X-Tenant-Code: febasiThe Auth:
- Hashes the key, looks it up.
- Confirms it isn't revoked.
- Resolves the tenant from the
X-Tenant-Codeheader (or from the key'stenant_idwhen present). - Checks the requested route against the key's
scopes. - Updates
last_used_atand writes a row toclient_key_logs.
If any step fails, the request is rejected with UNAUTHORIZED or
FORBIDDEN — never with a body that hints at the failure reason.
Available scopes
GET /api/v1/client-keys/scopes…returns the full list. Common ones:
| Scope | What it unlocks |
|---|---|
users:read | List/read users. |
users:update | Modify user fields (status, email…). |
roles:read | Read role definitions. |
auth:logs | Read audit logs. |
tenants:read | Read tenant config and metrics. |
Scopes are scope:action pairs — same shape as user permissions.
Listing & inspecting keys
GET /api/v1/client-keys/tenantLists every key for the current tenant. To inspect a single key, including its usage stats:
GET /api/v1/client-keys/{id}
GET /api/v1/client-keys/{id}/stats
GET /api/v1/client-keys/{id}/logs?limit=50&offset=0/stats aggregates total calls, success rate, and the last call timestamp.

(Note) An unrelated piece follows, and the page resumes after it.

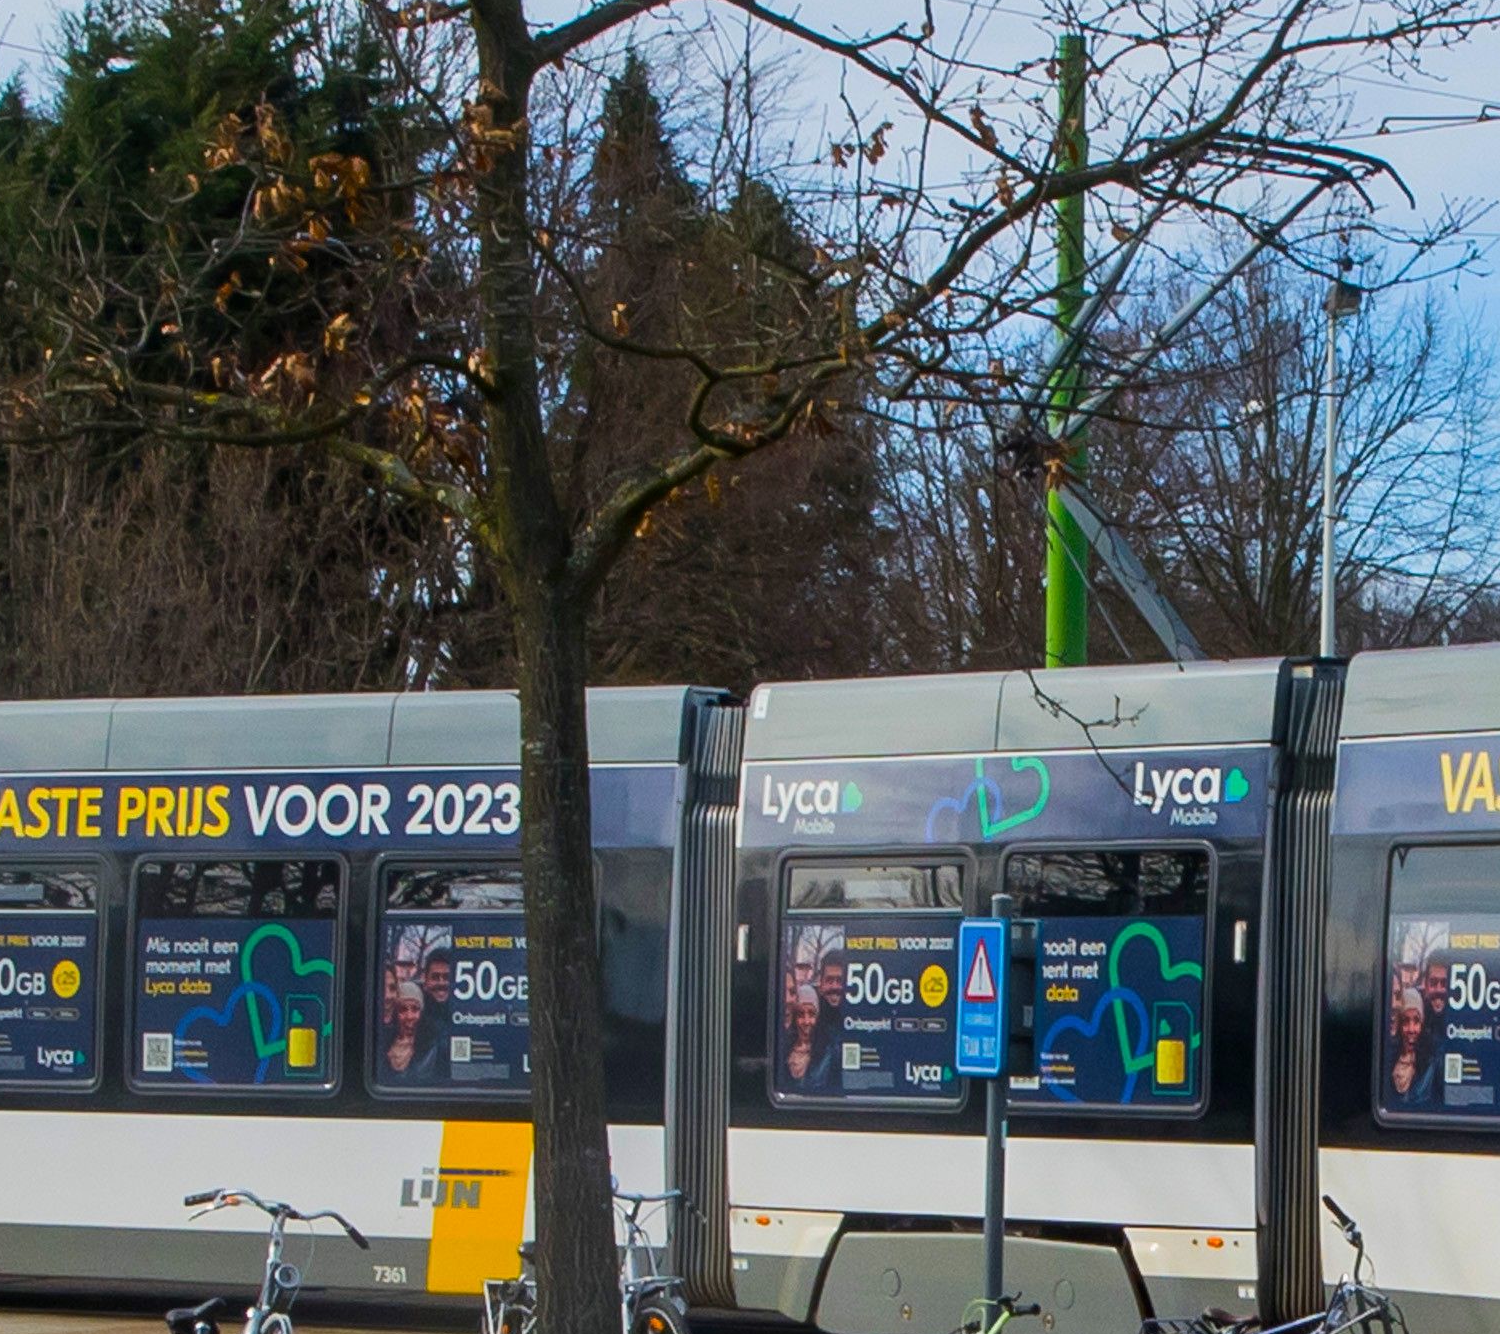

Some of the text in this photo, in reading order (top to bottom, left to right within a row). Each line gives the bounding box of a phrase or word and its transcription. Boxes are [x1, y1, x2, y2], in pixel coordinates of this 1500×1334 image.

/logs returns paginated usage entries: method, path, IP, status, and
response time.
Revoking
Revocation is immediate — the key stops working before the response returns to the caller:
POST /api/v1/client-keys/{id}/revoke{ "reason": "Suspected leak in CI logs" }The row is updated with revoked_at and revoke_reason. The same hash
cannot be used again; even if you somehow re-create a key with the same
plaintext, the old hash row stays revoked.
Rate limiting
Client Keys share the same rate limit budget as user JWTs — 100
requests/minute by default, customizable per route. Hitting the limit
returns RATE_LIMIT_EXCEEDED (HTTP 429). For high-traffic integrations,
ask the platform team to lift your specific tenant's budget.
Operational tips
One key per integration
Don't share keys across services. Revoking a leaked one is painless if its blast radius is one workload.
Minimum scope
Grant only the scopes the integration actually needs. The audit log will thank you the day something looks off.
Rotate on cadence
For high-value keys, set a rotation cadence (90/180 days). Create the new key first, deploy, then revoke the old one.
Monitor /stats
A key whose call volume changes shape is worth a look. The /stats
endpoint is cheap; wire it into a small dashboard.